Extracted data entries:
______________________________
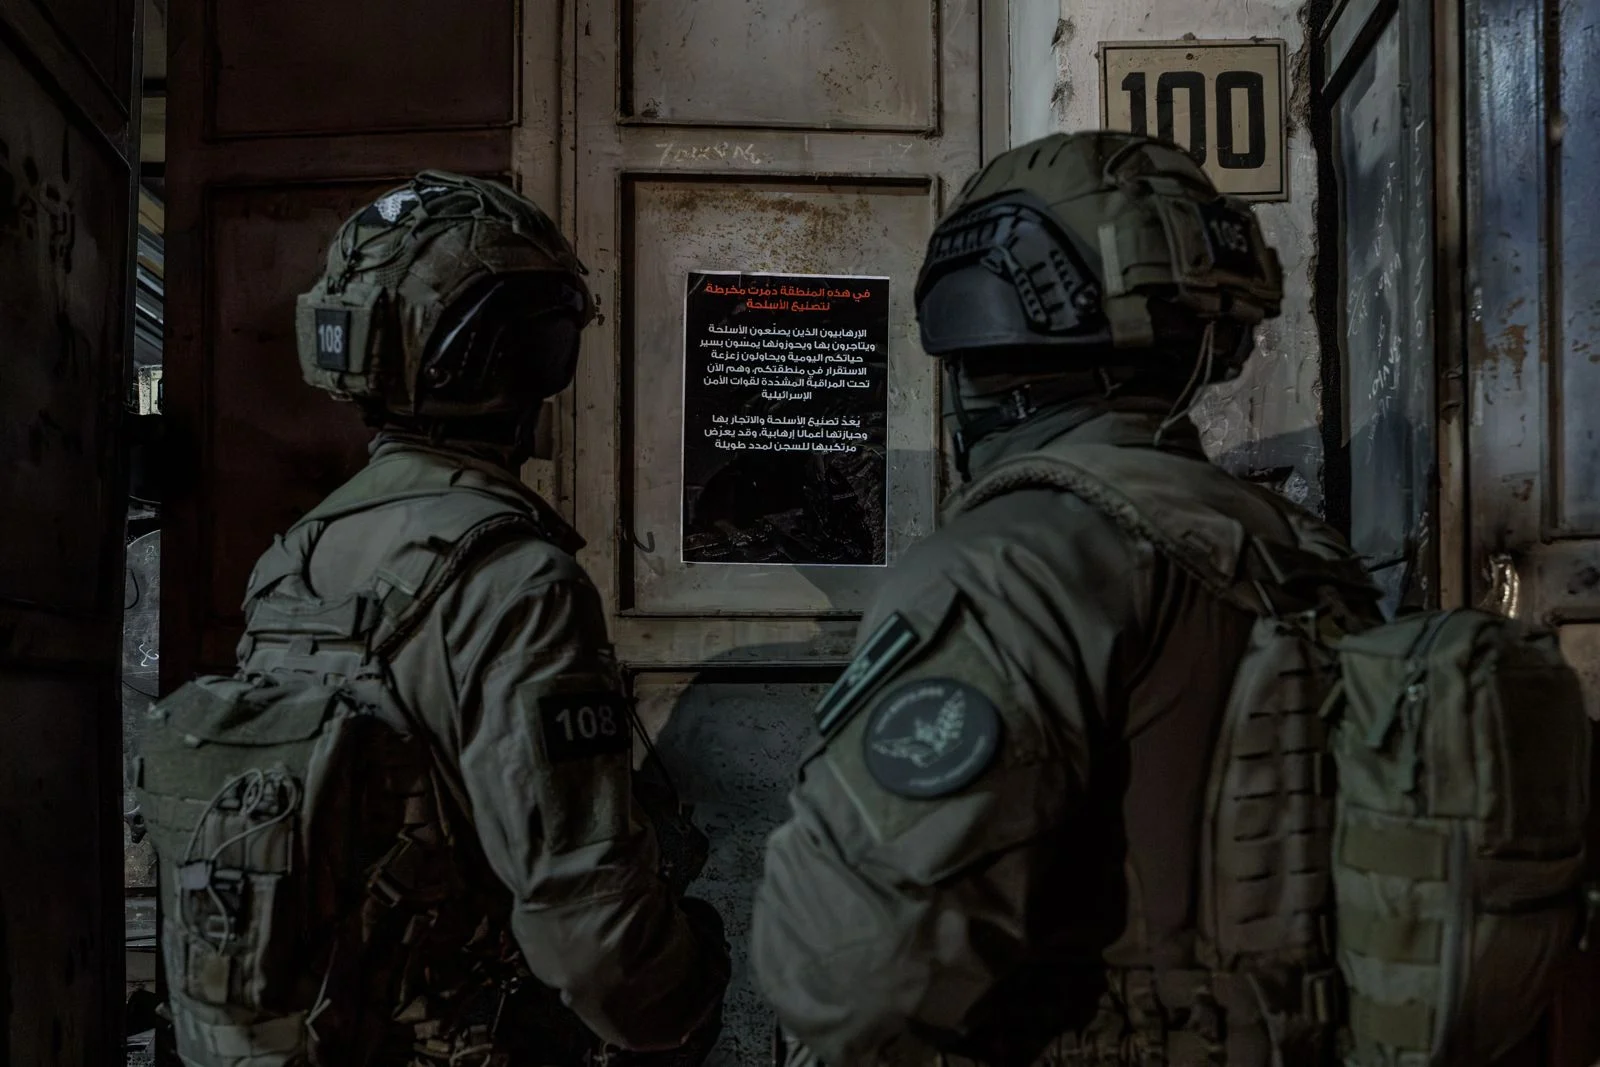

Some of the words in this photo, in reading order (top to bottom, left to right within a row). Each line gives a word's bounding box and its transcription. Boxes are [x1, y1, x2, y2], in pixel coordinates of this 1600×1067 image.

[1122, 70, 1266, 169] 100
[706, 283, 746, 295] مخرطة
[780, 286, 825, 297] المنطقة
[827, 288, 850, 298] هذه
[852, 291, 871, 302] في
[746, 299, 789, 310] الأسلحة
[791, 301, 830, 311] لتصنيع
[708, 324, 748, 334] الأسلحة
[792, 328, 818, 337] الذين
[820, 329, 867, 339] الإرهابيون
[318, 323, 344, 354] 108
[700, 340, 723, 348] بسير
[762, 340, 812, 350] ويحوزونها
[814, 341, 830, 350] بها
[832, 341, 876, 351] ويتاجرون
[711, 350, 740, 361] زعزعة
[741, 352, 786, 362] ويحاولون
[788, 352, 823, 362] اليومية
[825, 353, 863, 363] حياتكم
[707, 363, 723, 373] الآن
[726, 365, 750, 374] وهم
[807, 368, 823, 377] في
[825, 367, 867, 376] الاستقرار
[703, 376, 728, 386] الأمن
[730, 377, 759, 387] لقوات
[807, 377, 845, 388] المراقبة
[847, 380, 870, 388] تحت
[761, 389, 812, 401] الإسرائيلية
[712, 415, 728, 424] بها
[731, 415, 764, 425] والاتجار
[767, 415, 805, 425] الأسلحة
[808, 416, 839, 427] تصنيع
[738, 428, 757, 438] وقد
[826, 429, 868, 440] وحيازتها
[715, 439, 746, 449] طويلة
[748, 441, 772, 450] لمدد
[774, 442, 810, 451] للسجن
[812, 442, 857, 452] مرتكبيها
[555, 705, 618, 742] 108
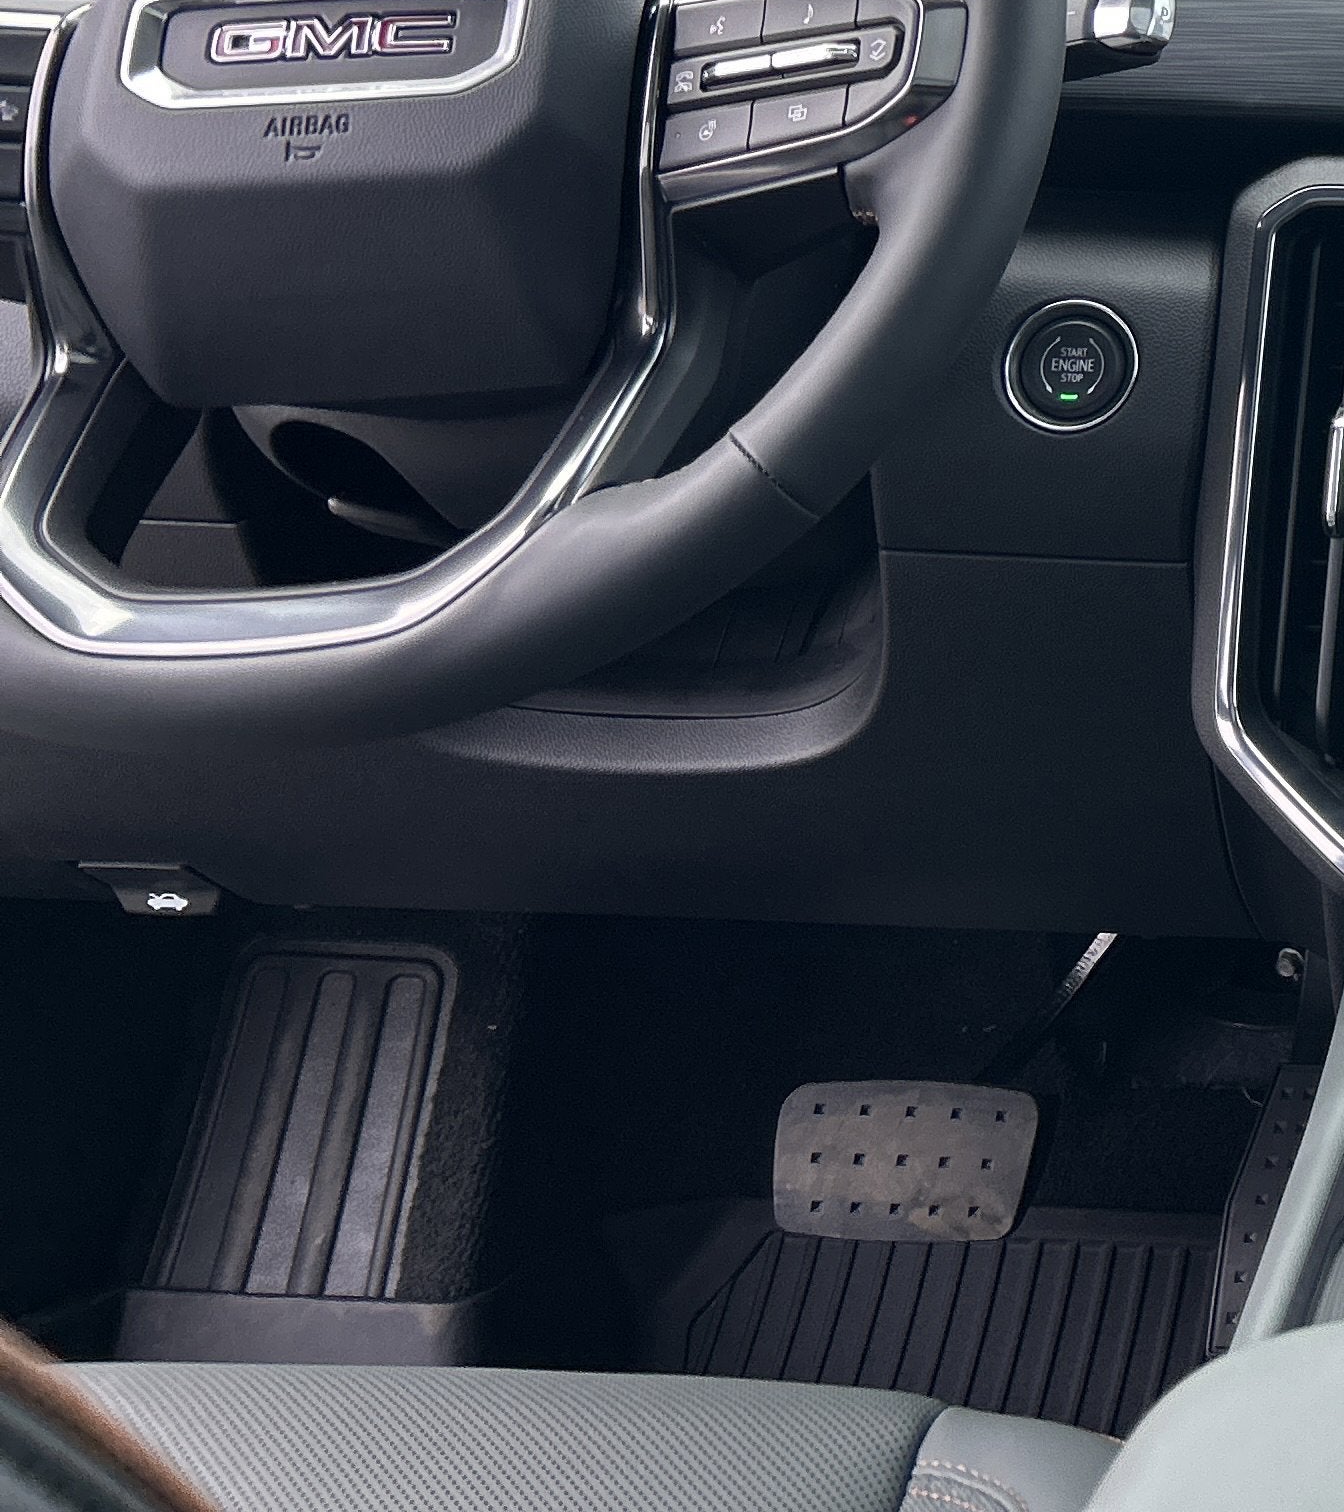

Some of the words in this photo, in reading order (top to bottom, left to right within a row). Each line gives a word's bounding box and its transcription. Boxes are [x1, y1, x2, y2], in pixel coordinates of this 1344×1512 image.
______________________________
• _EXERCISE OBJECTIVE_
So that the copy stays exact, reproduce each record word for word and leave its images out.

• _PROBLEM SOLUTION_
Some of the words in this photo, in reading order (top to bottom, left to right within a row). Each line gives a word's bounding box and its transcription. Boxes are [x1, y1, x2, y2], in pixel coordinates of this 1600×1067 image.

[1122, 70, 1266, 169] 100
[706, 283, 746, 295] مخرطة
[780, 286, 825, 297] المنطقة
[827, 288, 850, 298] هذه
[852, 291, 871, 302] في
[746, 299, 789, 310] الأسلحة
[791, 301, 830, 311] لتصنيع
[708, 324, 748, 334] الأسلحة
[792, 328, 818, 337] الذين
[820, 329, 867, 339] الإرهابيون
[318, 323, 344, 354] 108
[700, 340, 723, 348] بسير
[762, 340, 812, 350] ويحوزونها
[814, 341, 830, 350] بها
[832, 341, 876, 351] ويتاجرون
[711, 350, 740, 361] زعزعة
[741, 352, 786, 362] ويحاولون
[788, 352, 823, 362] اليومية
[825, 353, 863, 363] حياتكم
[707, 363, 723, 373] الآن
[726, 365, 750, 374] وهم
[807, 368, 823, 377] في
[825, 367, 867, 376] الاستقرار
[703, 376, 728, 386] الأمن
[730, 377, 759, 387] لقوات
[807, 377, 845, 388] المراقبة
[847, 380, 870, 388] تحت
[761, 389, 812, 401] الإسرائيلية
[712, 415, 728, 424] بها
[731, 415, 764, 425] والاتجار
[767, 415, 805, 425] الأسلحة
[808, 416, 839, 427] تصنيع
[738, 428, 757, 438] وقد
[826, 429, 868, 440] وحيازتها
[715, 439, 746, 449] طويلة
[748, 441, 772, 450] لمدد
[774, 442, 810, 451] للسجن
[812, 442, 857, 452] مرتكبيها
[555, 705, 618, 742] 108

Some of the words in this photo, in reading order (top to bottom, left to right within a row). Each line gives a word's bounding box and its transcription. Boxes are [x1, y1, x2, y2], in pixel coordinates of this 1344×1512 image.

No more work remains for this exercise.